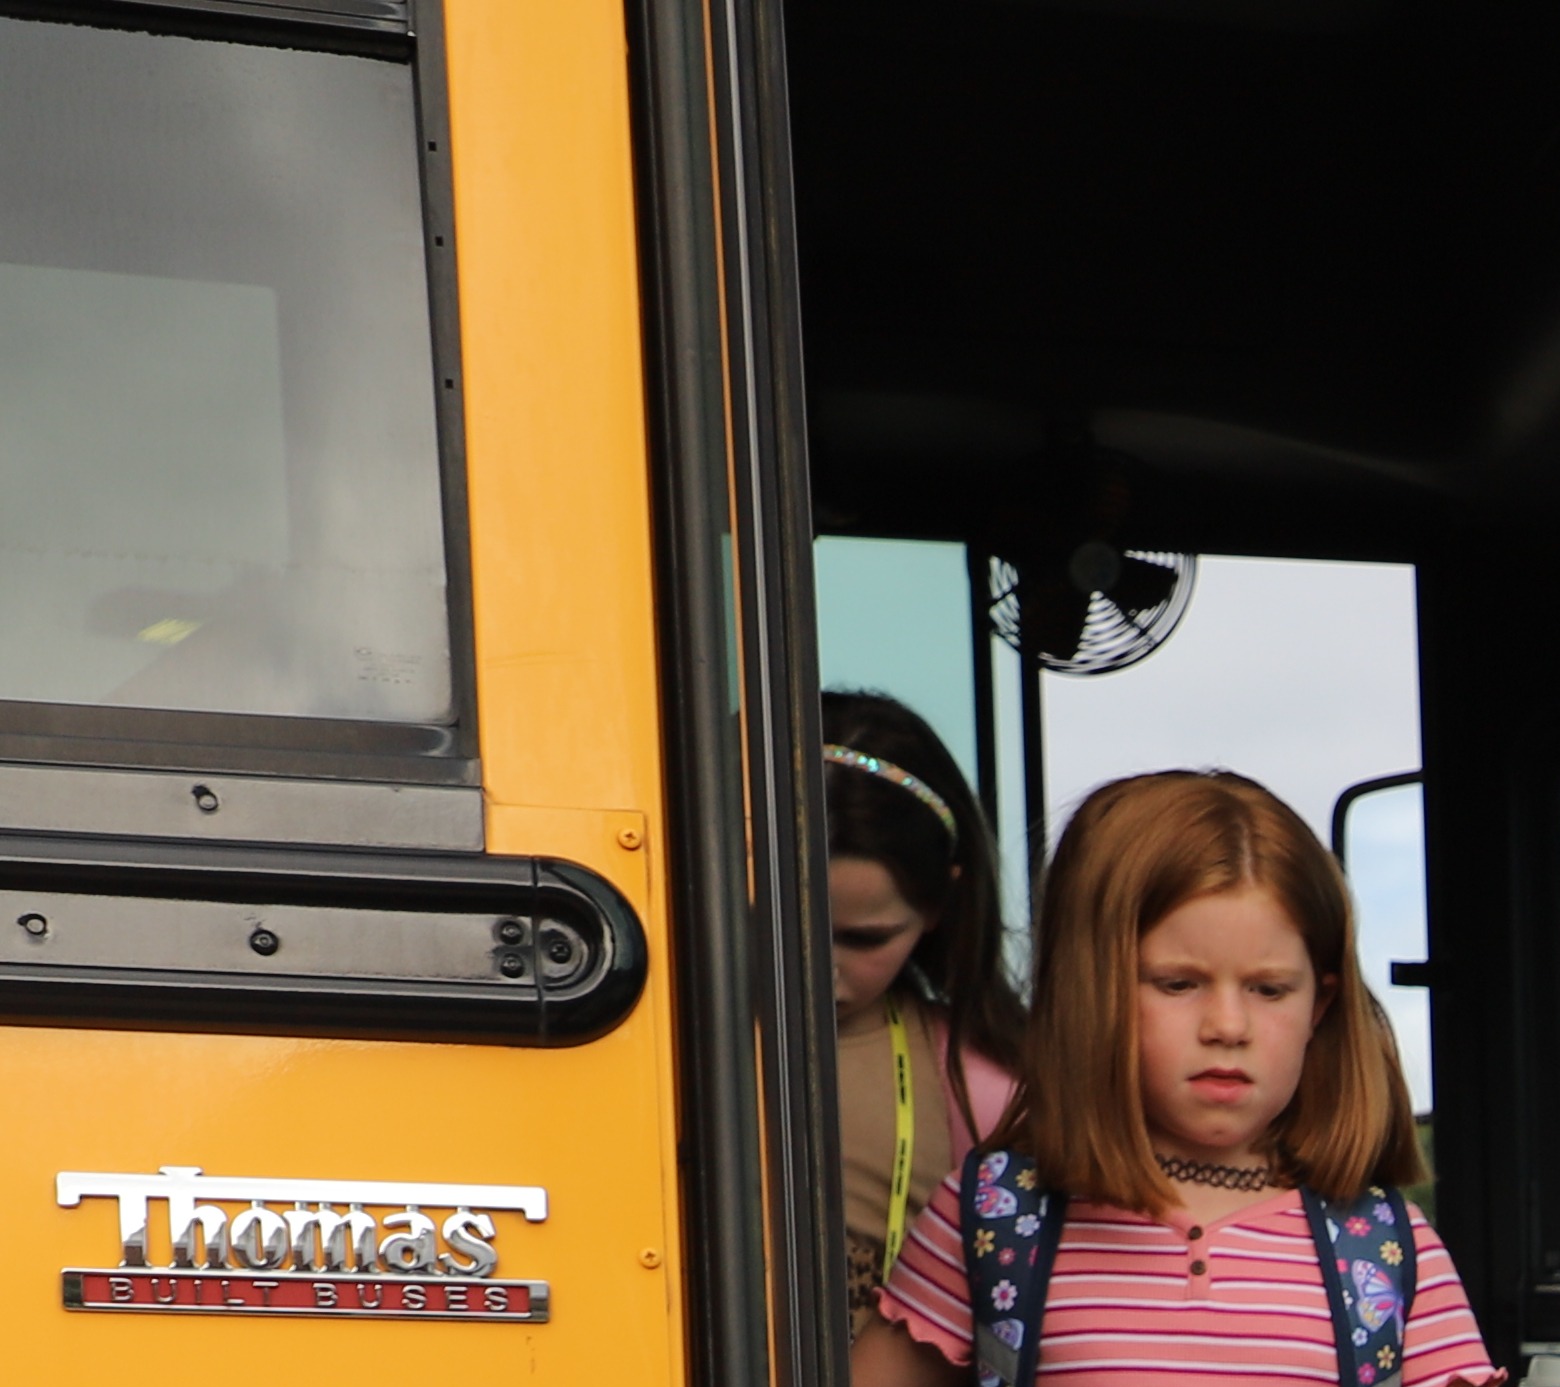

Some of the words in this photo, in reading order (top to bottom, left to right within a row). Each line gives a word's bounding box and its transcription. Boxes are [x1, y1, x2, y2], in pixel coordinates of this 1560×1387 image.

[56, 1166, 547, 1278] Thomas
[109, 1275, 279, 1307] BUILT
[312, 1281, 510, 1312] BUSES
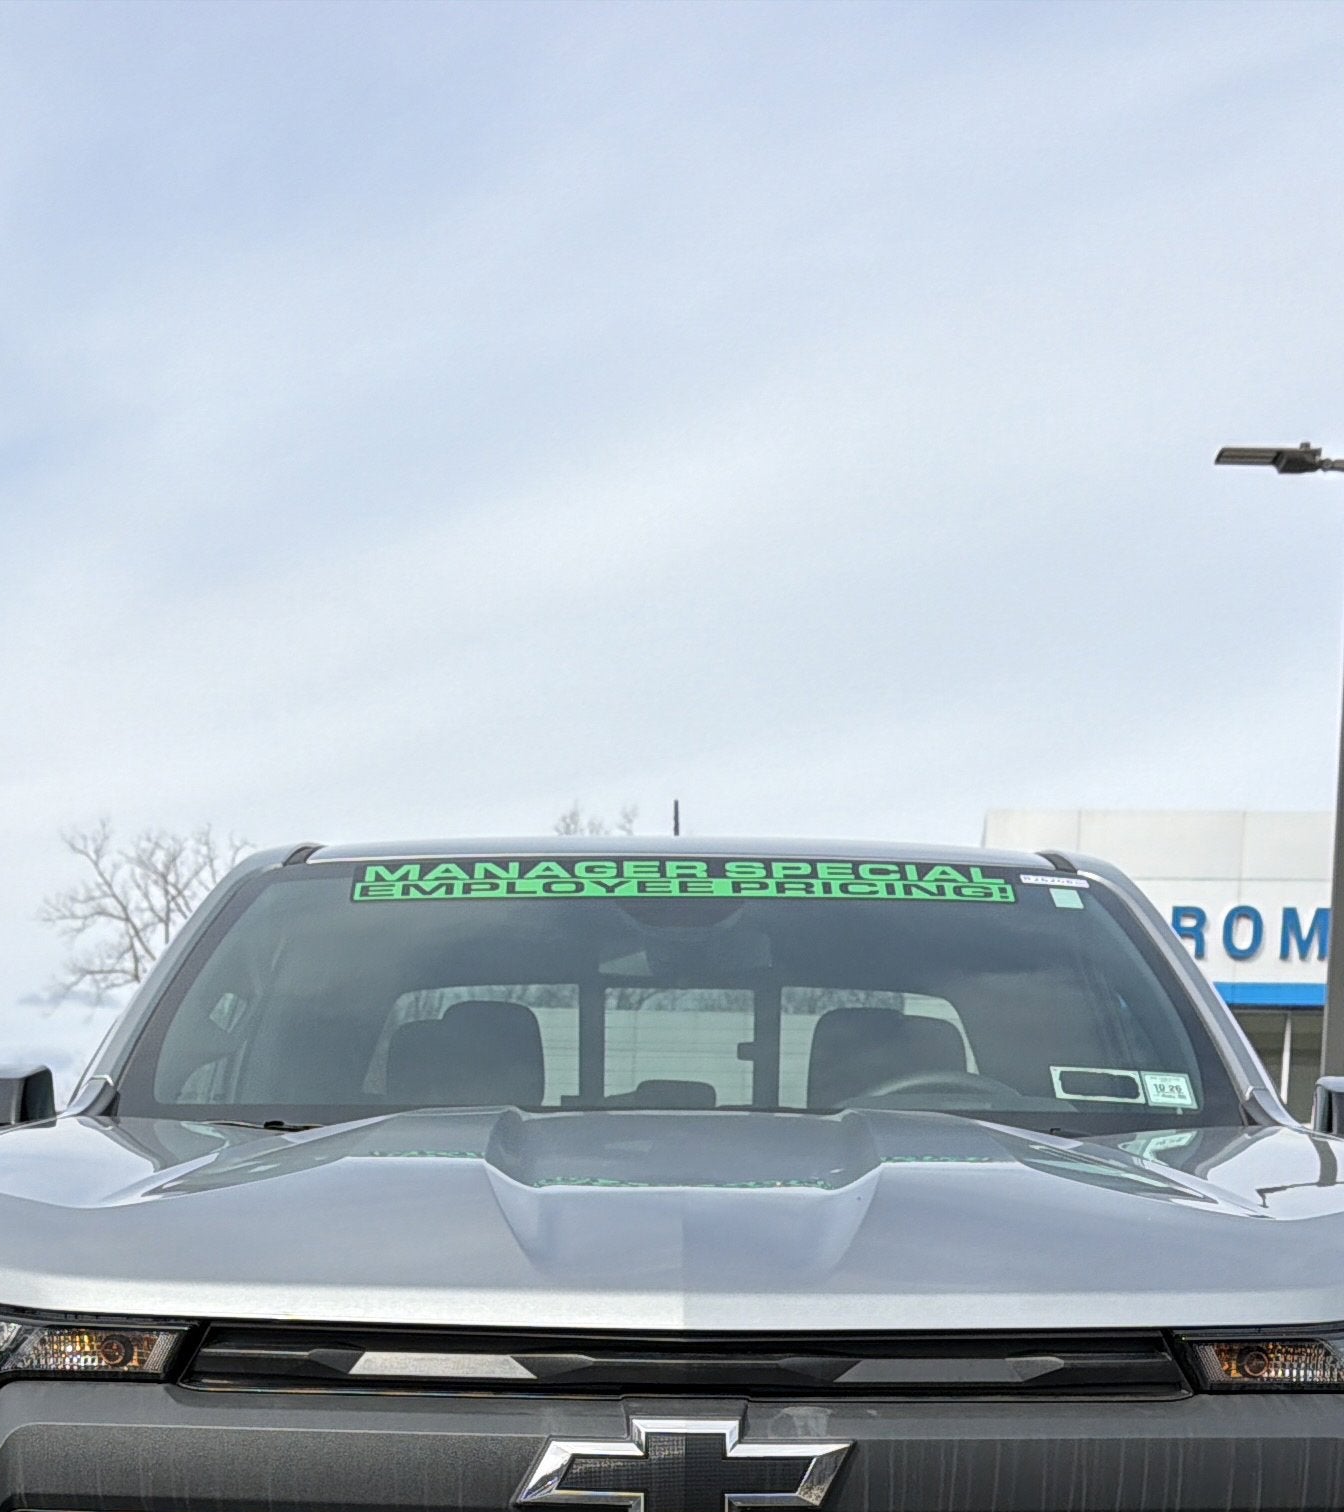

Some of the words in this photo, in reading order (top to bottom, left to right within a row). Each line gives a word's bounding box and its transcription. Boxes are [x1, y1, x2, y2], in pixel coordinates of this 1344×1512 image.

[364, 861, 708, 882] MANAGER
[725, 862, 1005, 884] SPECIAL
[359, 880, 714, 898] EMPLOYEE
[731, 880, 1011, 901] PRICING!
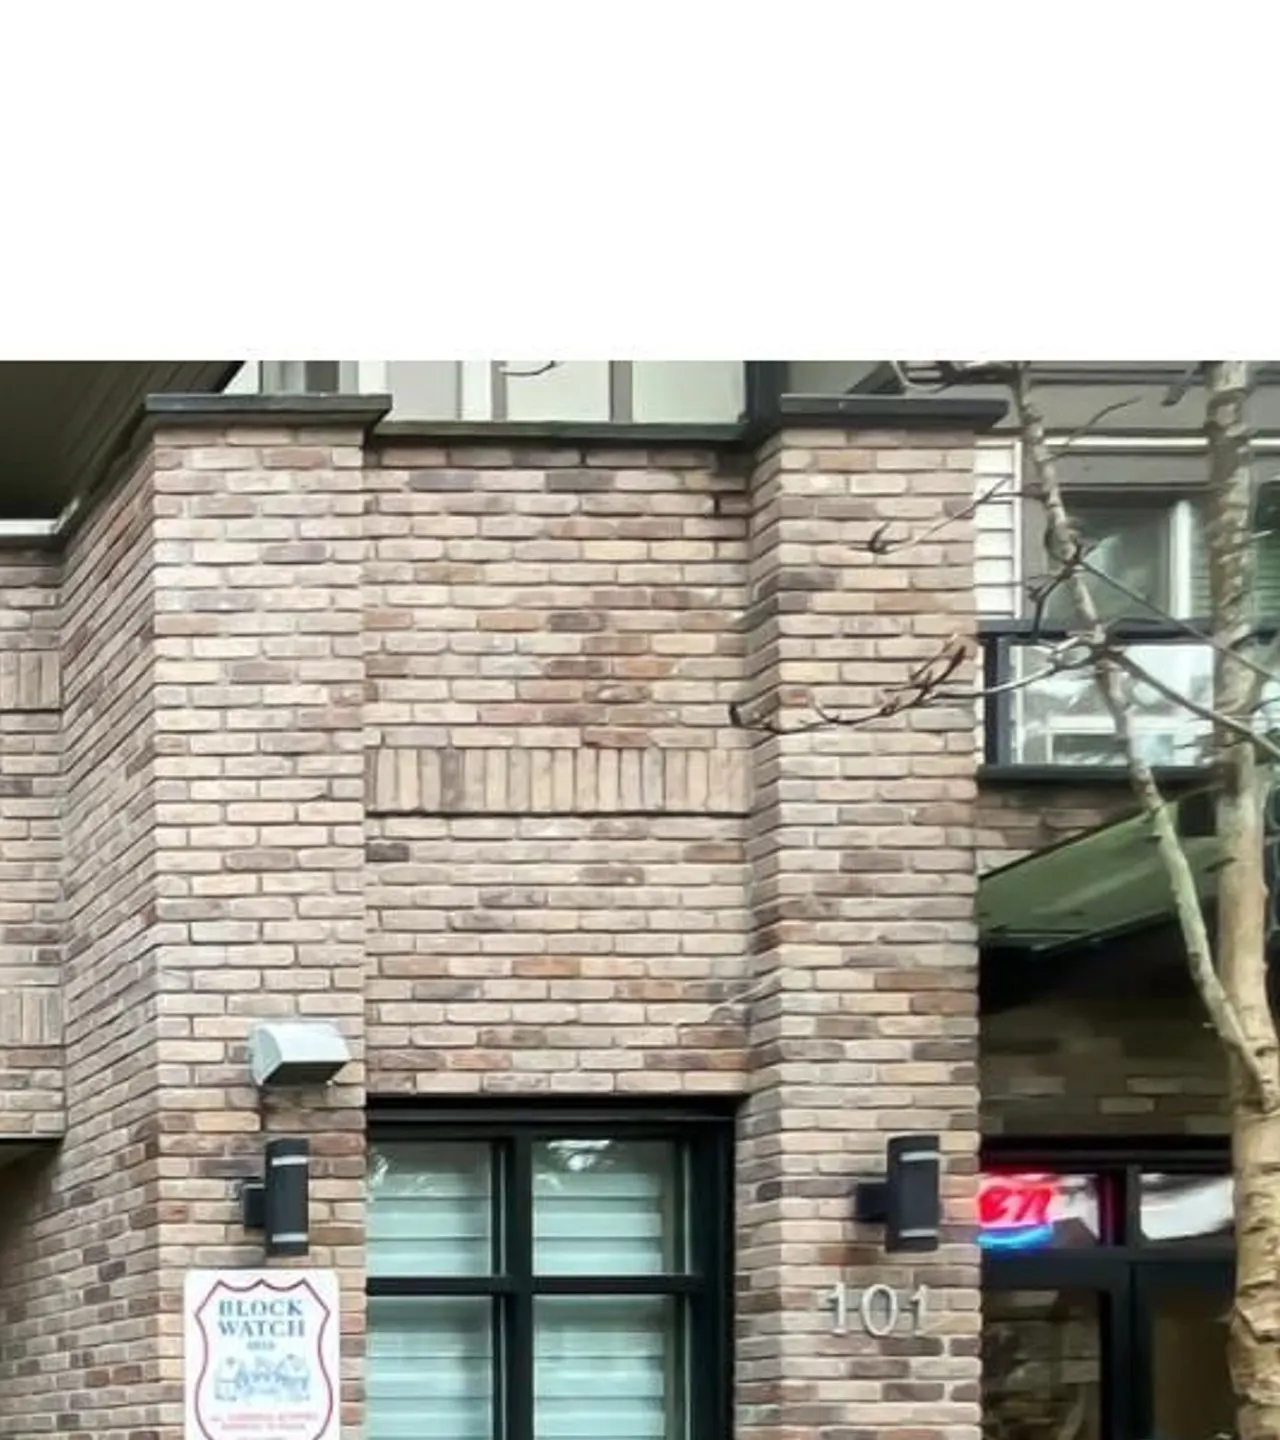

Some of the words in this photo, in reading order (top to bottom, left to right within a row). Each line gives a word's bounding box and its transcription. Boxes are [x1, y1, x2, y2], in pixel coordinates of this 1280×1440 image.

[218, 1299, 303, 1317] BLOCK
[824, 1282, 929, 1337] 101
[217, 1319, 306, 1337] WATCH
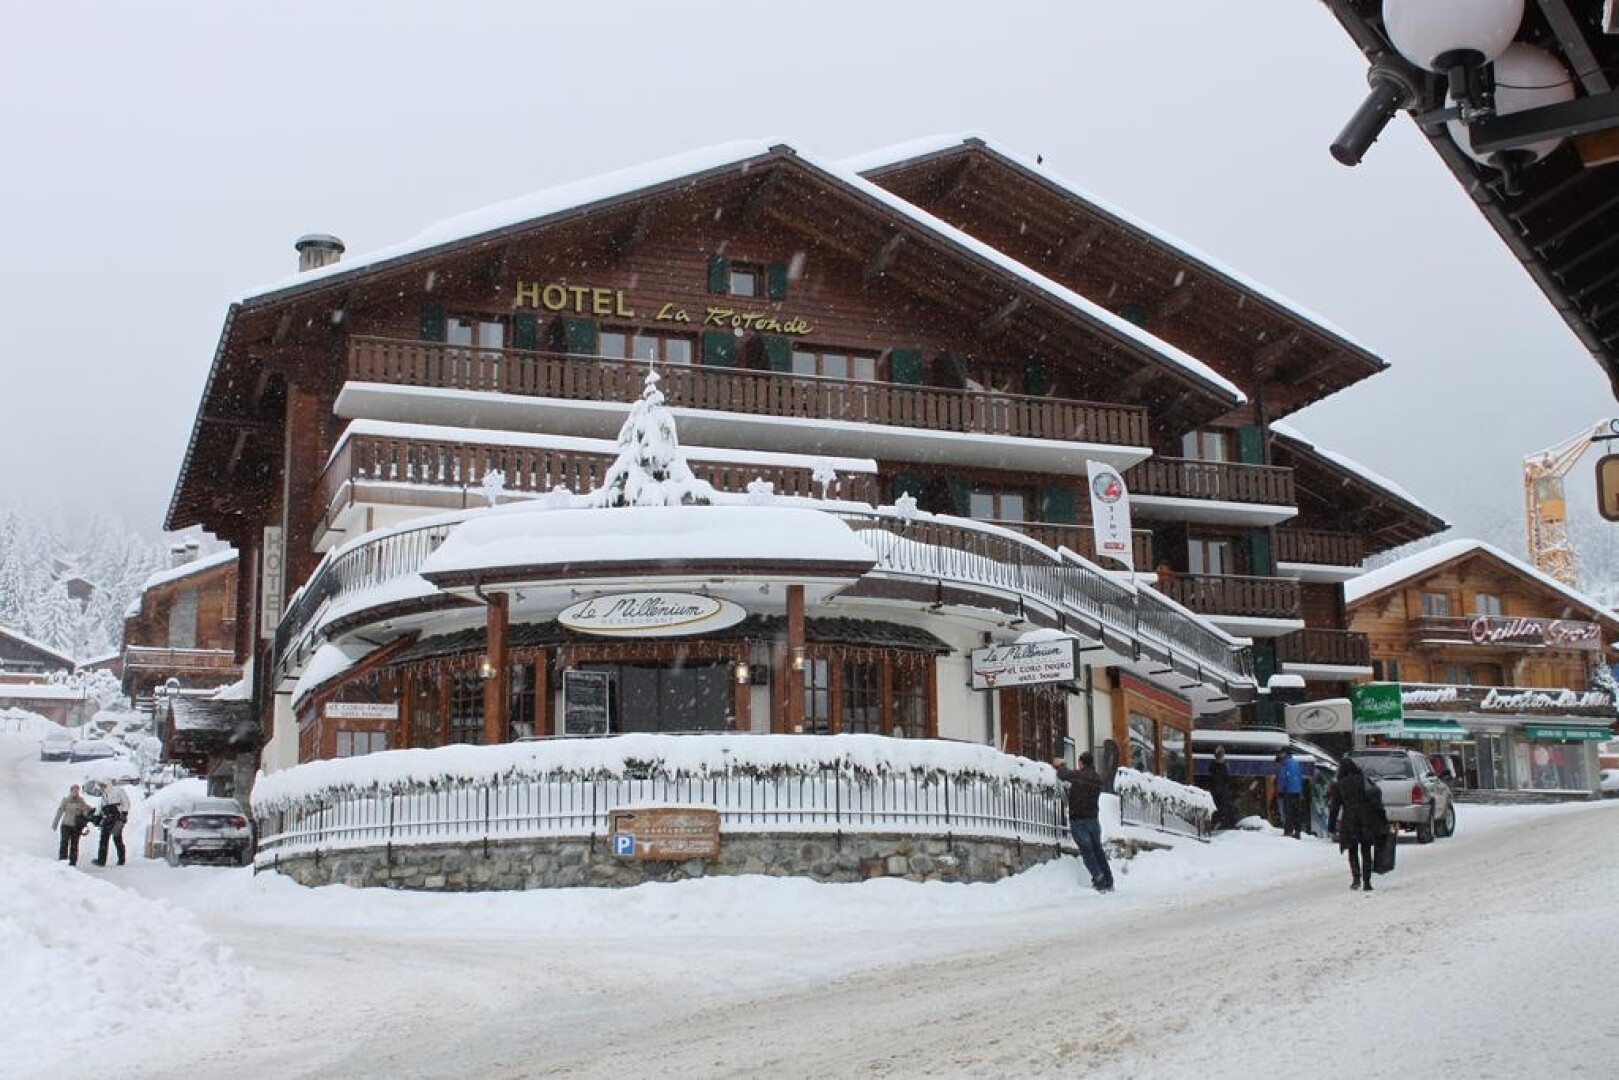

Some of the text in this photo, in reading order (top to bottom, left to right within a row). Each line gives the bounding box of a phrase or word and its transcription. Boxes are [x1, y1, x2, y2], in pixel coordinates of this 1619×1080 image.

[516, 281, 635, 317] HOTEL
[656, 303, 813, 334] La Rotonde
[265, 532, 280, 632] HOTEL
[572, 600, 596, 618] Le
[618, 837, 630, 854] P

*Task prompt:* Everything from the line that contains "Some of the text" through the final line of the listing is to be restated word for word, and nothing more.

*Exercise solution:*
Some of the text in this photo, in reading order (top to bottom, left to right within a row). Each line gives the bounding box of a phrase or word and its transcription. Boxes are [x1, y1, x2, y2], in pixel coordinates of this 1619×1080 image.

[516, 281, 635, 317] HOTEL
[656, 303, 813, 334] La Rotonde
[265, 532, 280, 632] HOTEL
[572, 600, 596, 618] Le
[618, 837, 630, 854] P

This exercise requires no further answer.